_Work required:_ The goal is an unaltered copy of the records below, minus any images.

============

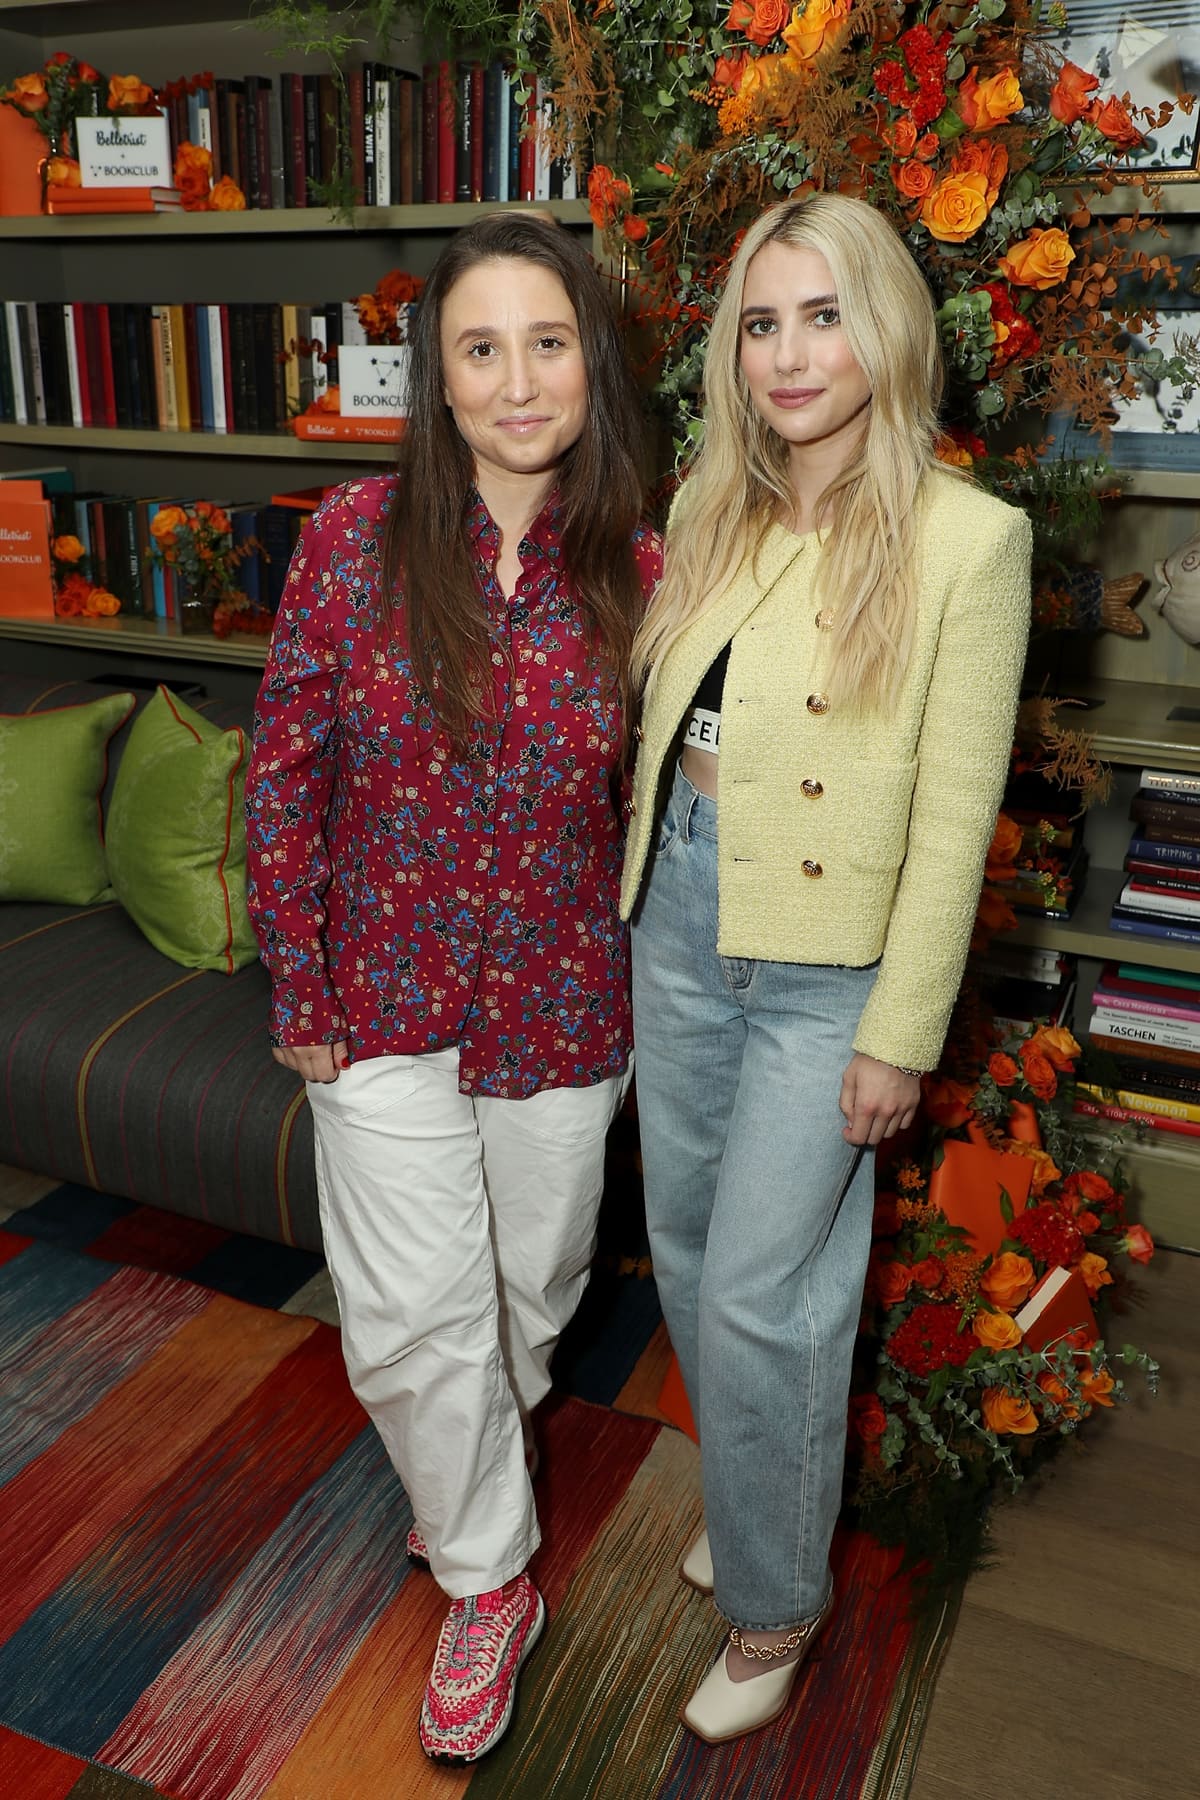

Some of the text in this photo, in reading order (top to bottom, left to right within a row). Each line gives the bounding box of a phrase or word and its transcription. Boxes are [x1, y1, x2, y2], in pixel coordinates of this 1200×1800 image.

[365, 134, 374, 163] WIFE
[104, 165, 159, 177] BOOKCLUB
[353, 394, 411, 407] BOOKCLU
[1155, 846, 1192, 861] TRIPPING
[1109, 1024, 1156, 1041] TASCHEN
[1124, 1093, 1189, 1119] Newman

============

_Answer to the exercise:_
Some of the text in this photo, in reading order (top to bottom, left to right within a row). Each line gives the bounding box of a phrase or word and its transcription. Boxes are [x1, y1, x2, y2], in pixel coordinates of this 1200×1800 image.

[365, 134, 374, 163] WIFE
[104, 165, 159, 177] BOOKCLUB
[353, 394, 411, 407] BOOKCLU
[1155, 846, 1192, 861] TRIPPING
[1109, 1024, 1156, 1041] TASCHEN
[1124, 1093, 1189, 1119] Newman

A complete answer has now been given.